人と地域つなぐアサガオ 日比野克彦さんプロデュース 4年ぶり 水戸芸術館で苗植え

日比野克彦さん(右から2人目)と、アサガオのつるを支えるためのロープを張る参加者=水戸芸術館広場

アサガオの栽培や種の交換を通じて人と地域をつなげる「明後日(あさって)朝顔プロジェクト」が20日、水戸市五軒町1丁目の水戸芸術館などで、一般参加者を集めて4年ぶりに行われた。アーティストの日比野克彦さん(64)がプロデュースする取り組みで、参加者たちは日比野さんと一緒に、アサガオの苗植えやつるを支えるためのロープ張りなどを楽しんだ。

プロジェクトは2003年に新潟県で始まり、水戸では同館で開かれた企画展「日比野克彦の一人万博」を機に05年にスタート。毎年、春の苗植えから秋の種の収穫まで、市民らがアサガオを栽培し、収穫した種を他地域の参加者と交換し合って交流、思いを共有してきた。

一方、新型コロナウイルス感染症拡大により、20年から一般参加を見送ってきたが、コロナ対応の制限緩和を受けて今回4年ぶりに復活。水戸市(同館)と全国12地域で昨年収穫された種を、茨城県立大子清流高(同県大子町)が育苗した。

この日、同館のウッドデッキが敷き詰められた広場には、スタッフや一般参加者合わせて約70人が集まった。
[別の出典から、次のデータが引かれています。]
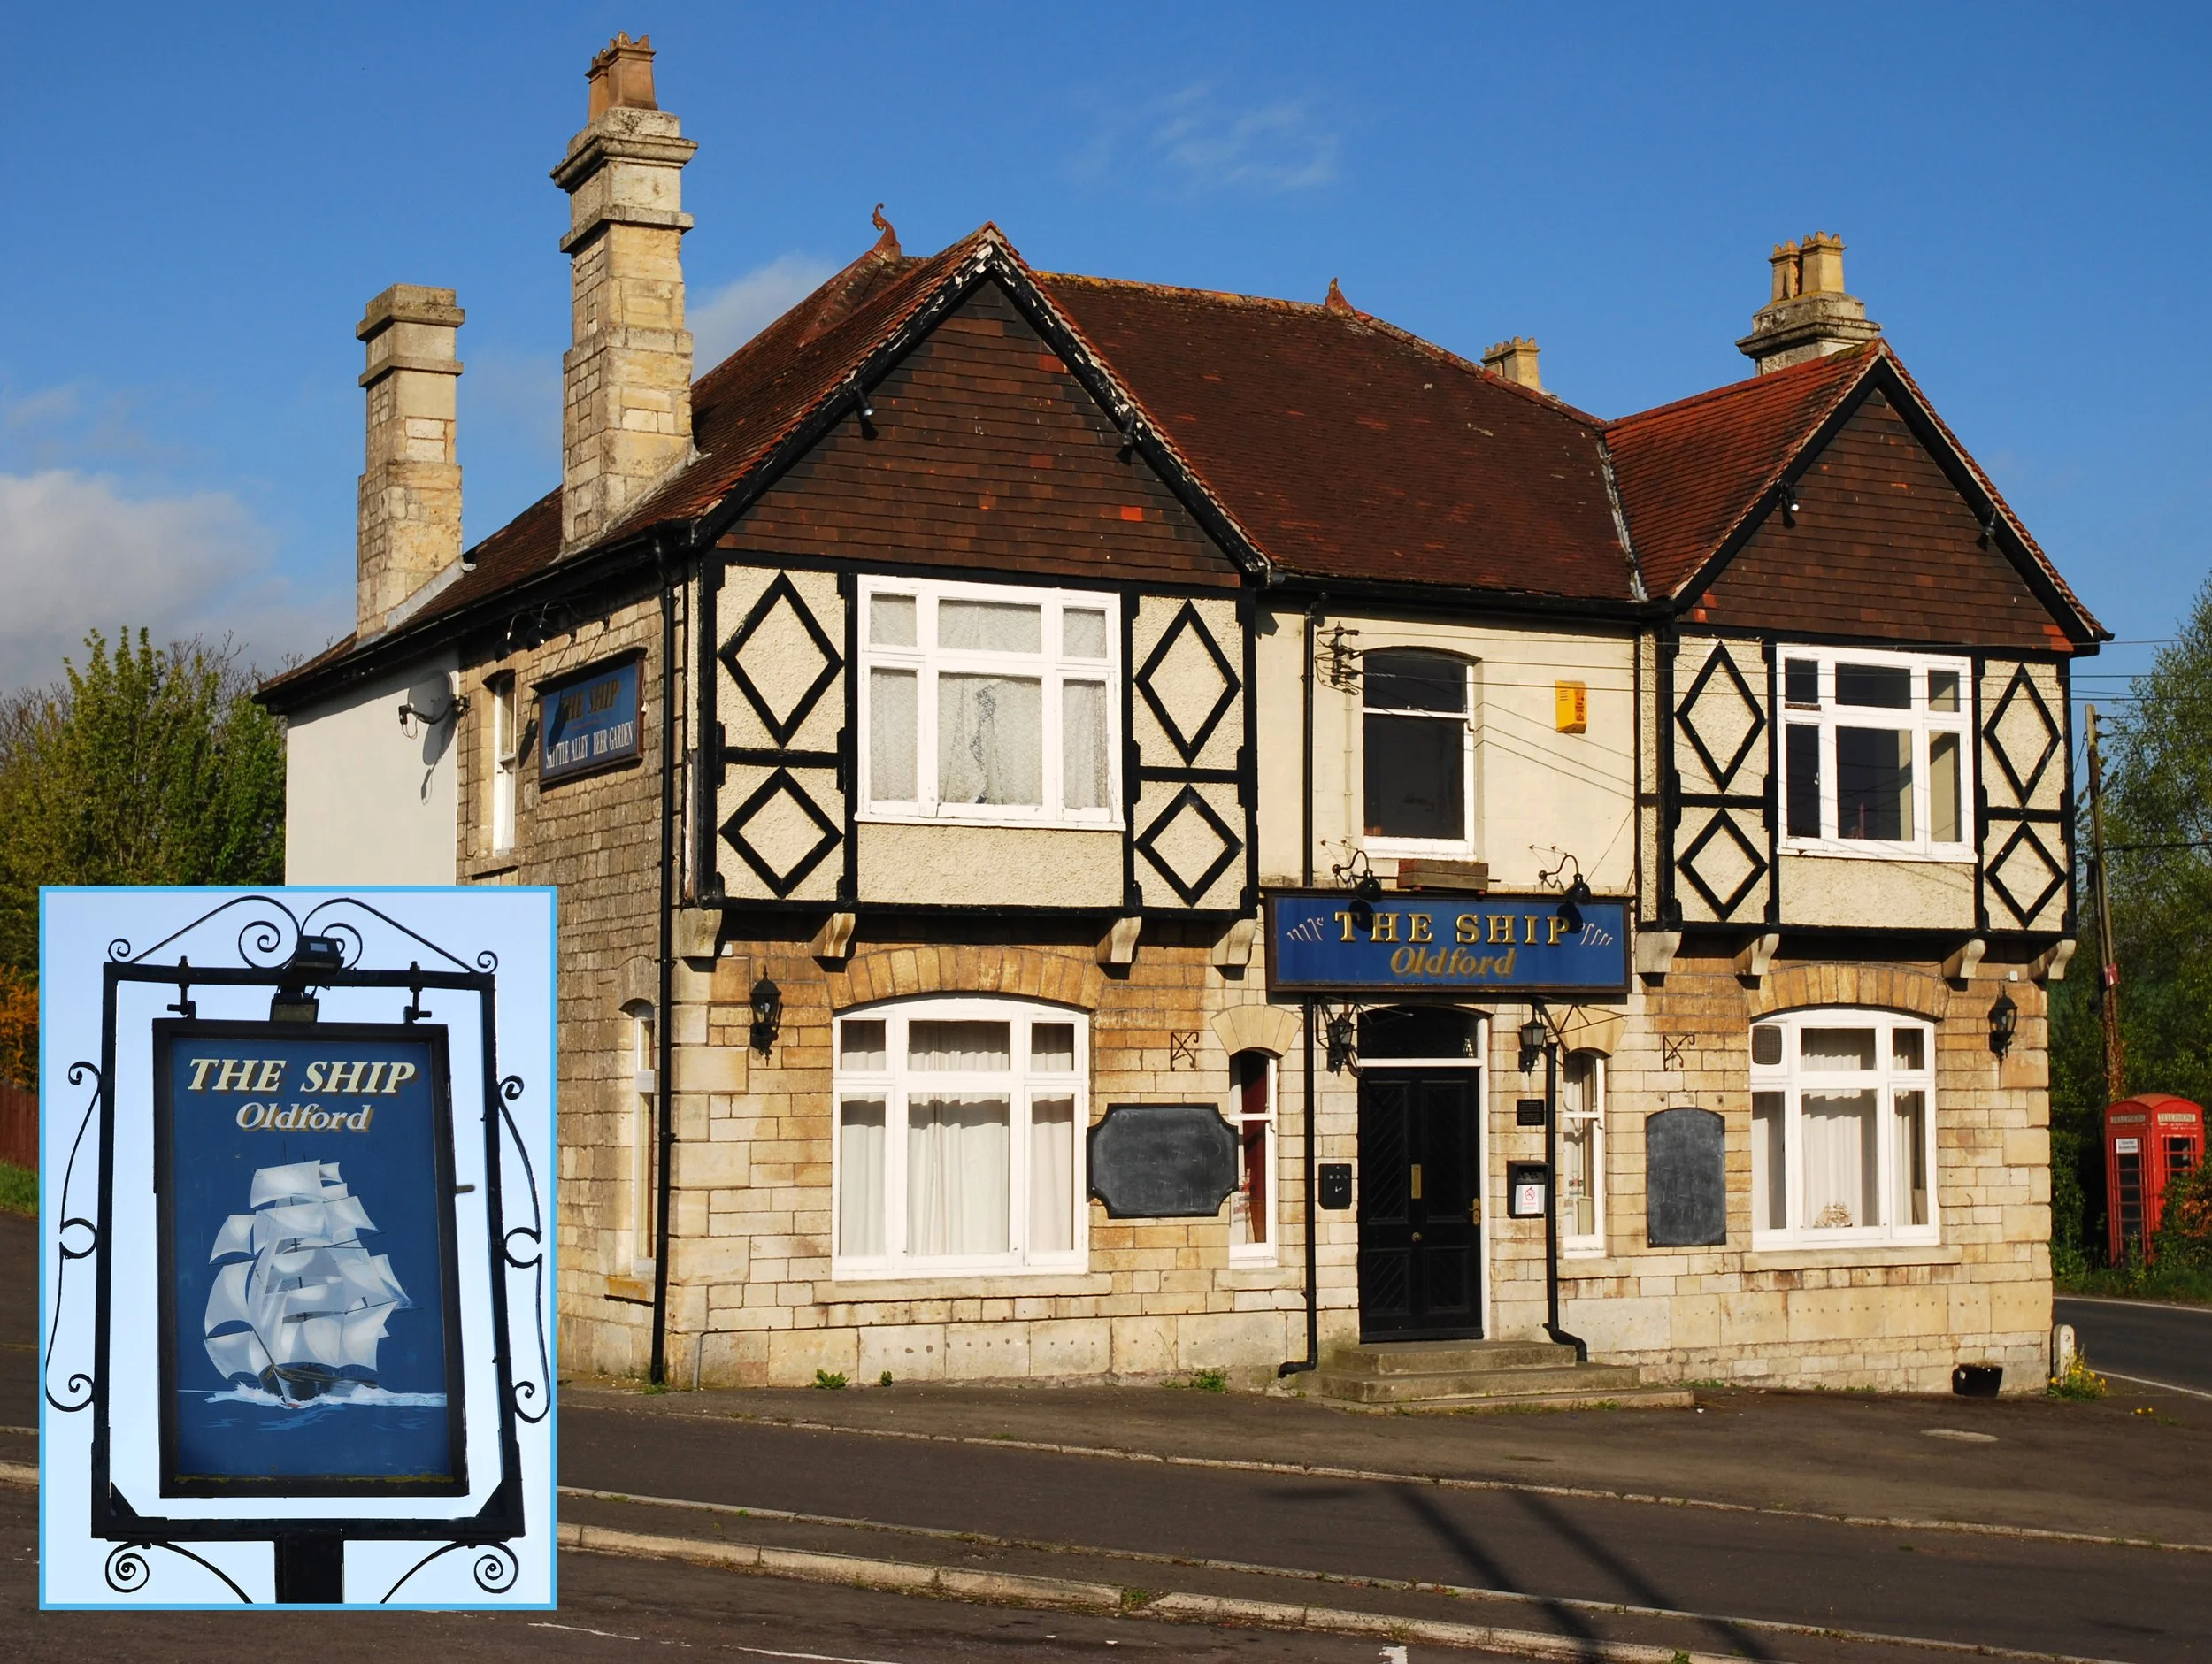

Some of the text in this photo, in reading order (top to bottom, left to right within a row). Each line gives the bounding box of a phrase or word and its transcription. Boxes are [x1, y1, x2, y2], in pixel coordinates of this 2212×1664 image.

[561, 679, 619, 722] THE SHIP
[546, 720, 634, 769] SKITTLE ALLEY BEER GARDEN
[1334, 911, 1570, 945] THE SHIP
[1390, 946, 1517, 978] Oldford
[188, 1058, 417, 1095] THE SHIP
[235, 1102, 373, 1131] Oldford
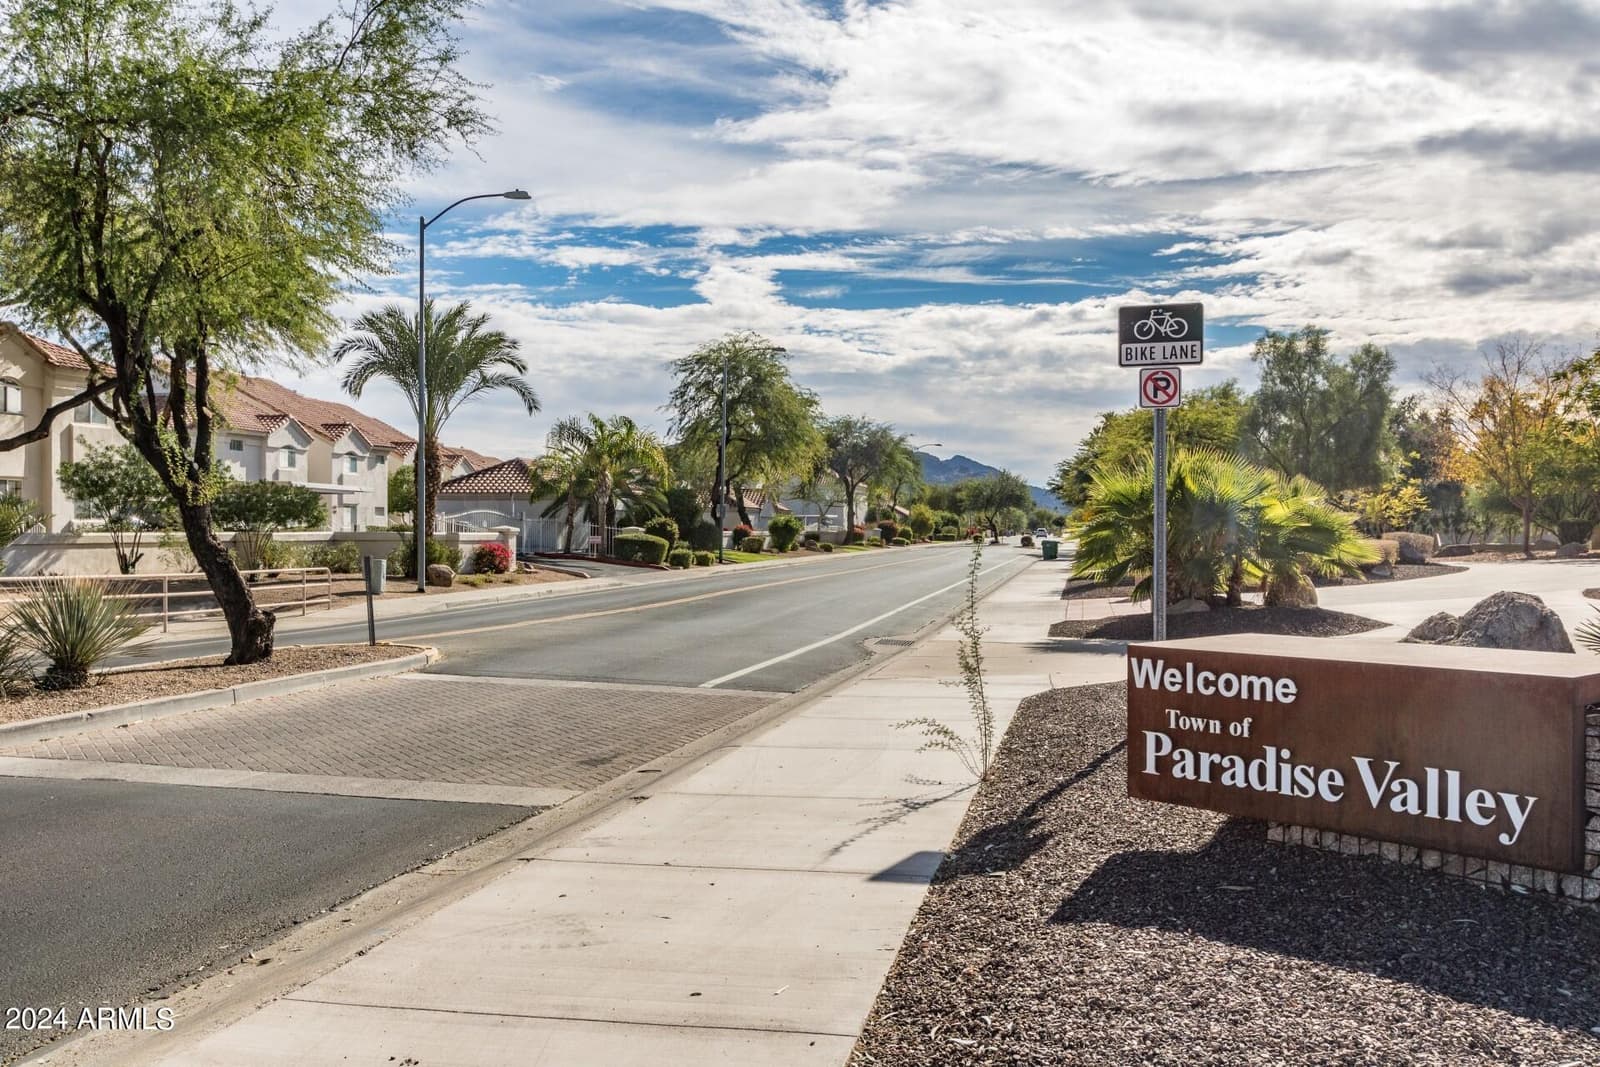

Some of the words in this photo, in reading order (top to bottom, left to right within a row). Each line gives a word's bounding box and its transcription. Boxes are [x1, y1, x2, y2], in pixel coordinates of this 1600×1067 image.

[1125, 346, 1156, 361] BIKE
[1162, 344, 1197, 360] LANE
[1151, 376, 1171, 399] P
[1130, 657, 1298, 704] Welcome
[1165, 708, 1222, 735] Town
[1229, 716, 1253, 738] of
[1141, 730, 1344, 802] Paradise
[1351, 756, 1538, 846] Valley
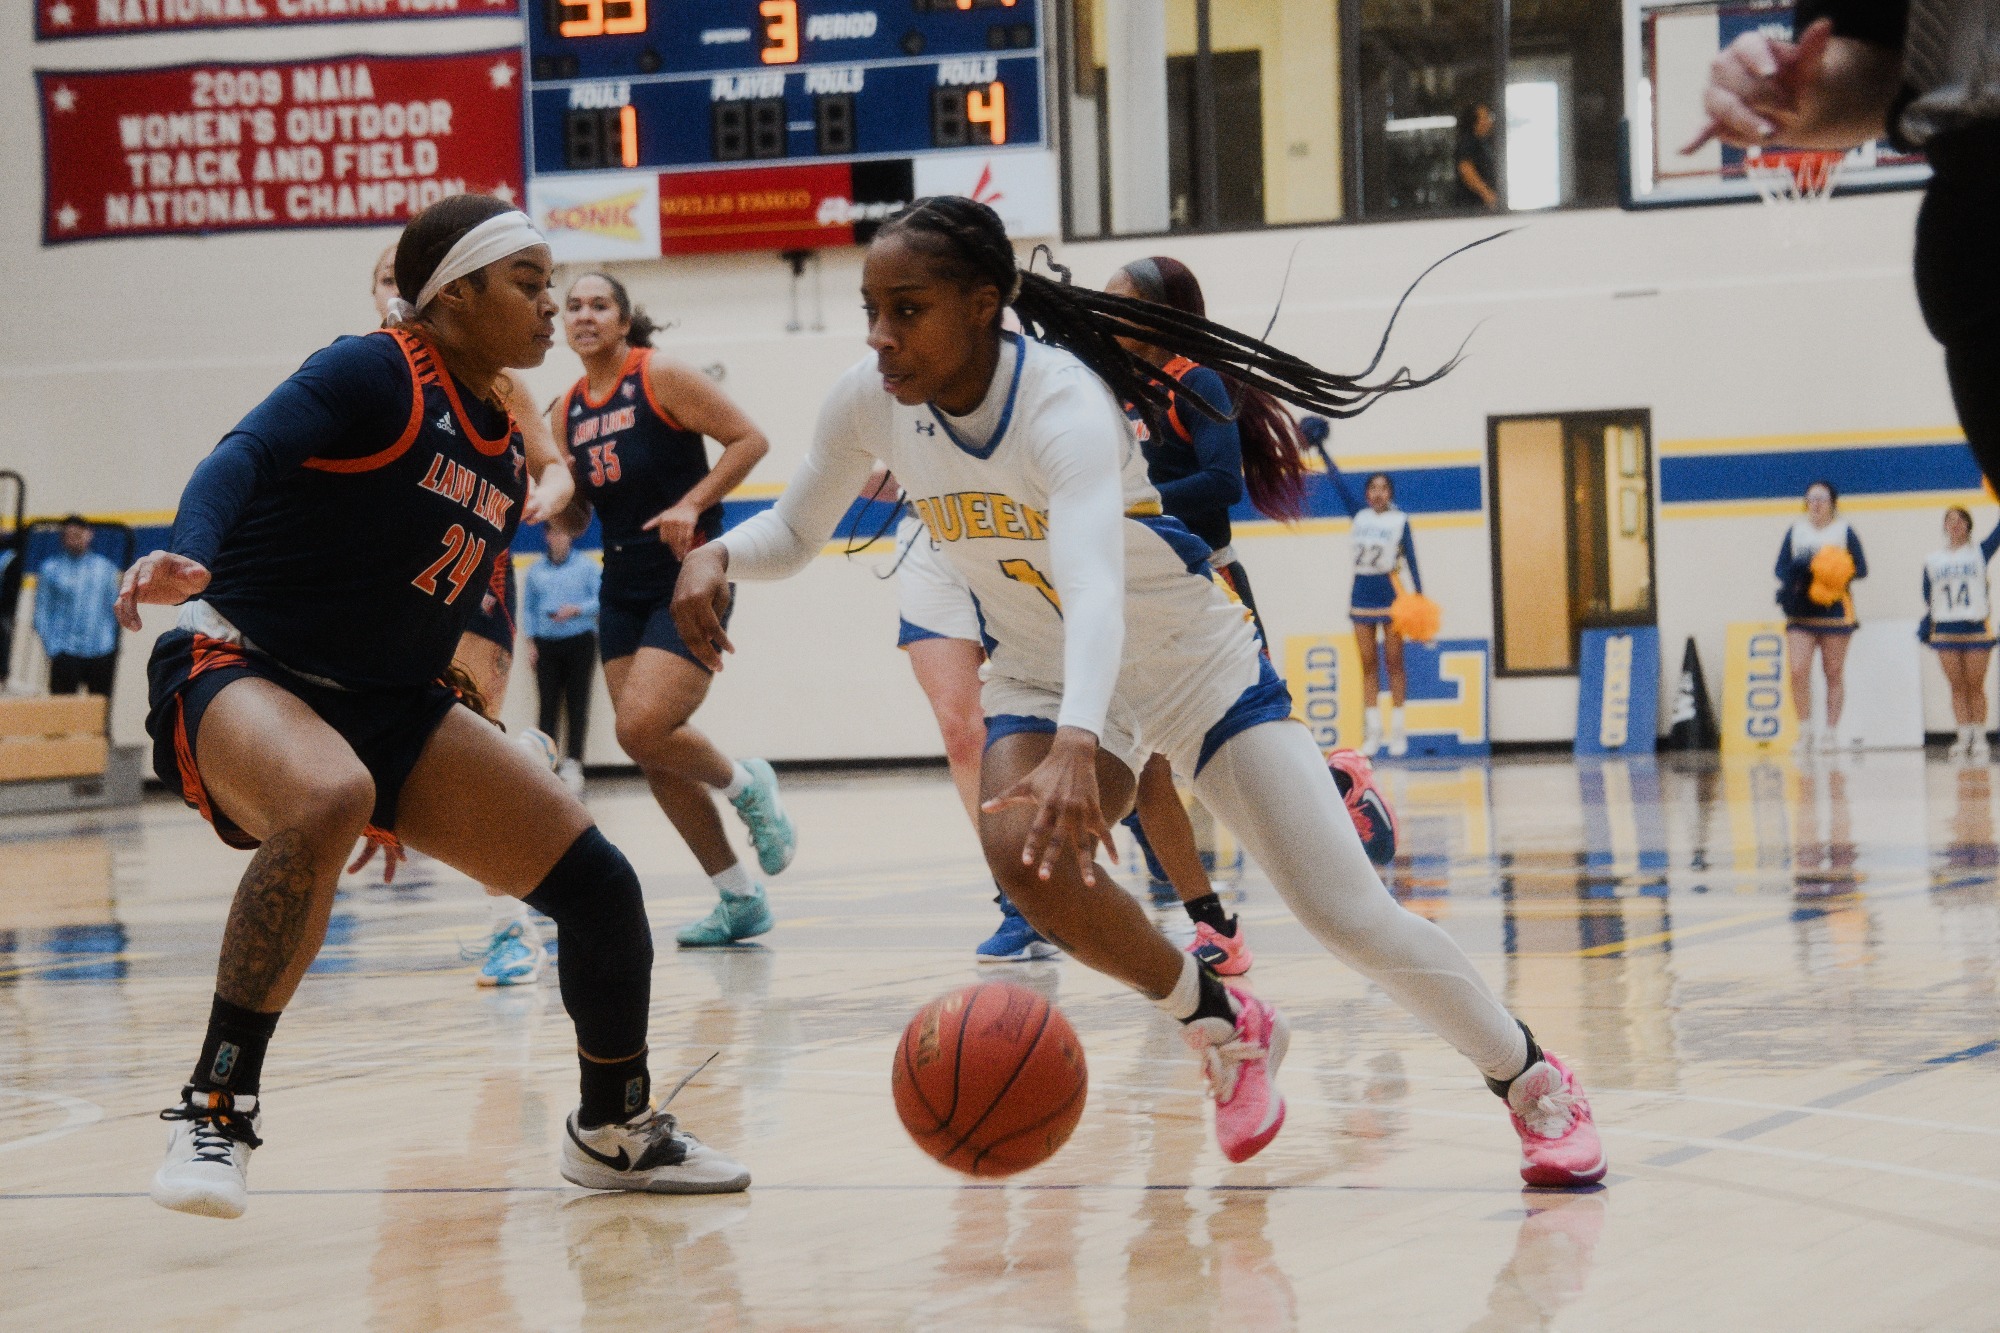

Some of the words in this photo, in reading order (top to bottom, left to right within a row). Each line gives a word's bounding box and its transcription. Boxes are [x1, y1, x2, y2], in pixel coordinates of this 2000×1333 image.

[760, 0, 798, 63] 3
[806, 11, 877, 41] PERIOD
[191, 70, 282, 107] 2009
[292, 65, 375, 101] NAIA
[710, 71, 786, 101] PLAYER
[118, 109, 276, 150] WOMEN'S
[286, 100, 453, 143] OUTDOOR
[620, 104, 638, 168] 1
[967, 81, 1006, 145] 4
[125, 150, 242, 187] TRACK
[253, 145, 325, 184] AND
[332, 140, 439, 178] FIELD
[105, 188, 276, 227] NATIONAL
[545, 202, 637, 232] SONIC
[417, 452, 477, 508] LADY
[588, 440, 622, 487] 35
[411, 523, 486, 606] 24
[1305, 646, 1339, 748] GOLD
[1746, 633, 1783, 740] GOLD
午前中は、日比野さんと一緒にウッドデッキを色とりどりにペイント。午後は、約300本のアサガオ苗をプランターに植えたり、つるを支えるためのロープ張りなどが行われた。

初めて参加した同市内の専門学校1年、宮崎風生(ふう)さん(19)は「朝顔プロジェクトを通じた人や地域のつながりを興味深く感じた。来年もやってみたい」と声を弾ませた。

日比野さんは、4年ぶりに一般参加者が加われたことに「久々に再会できた方もいたようで、改めてつながりを実感できたのではないか。今後、天災などで社会情勢が激変しても一喜一憂することなく、アサガオという自然を相手にプロジェクトを淡々と続けていきたい」と話した。

今回のプロジェクトは、同館南側に水戸市民会館が7月に開館することから、両館と近隣の京成百貨店との連携事業に位置付けられている。水戸芸術館のほか、水戸市民会館と京成百貨店でも苗植えなどが行われた。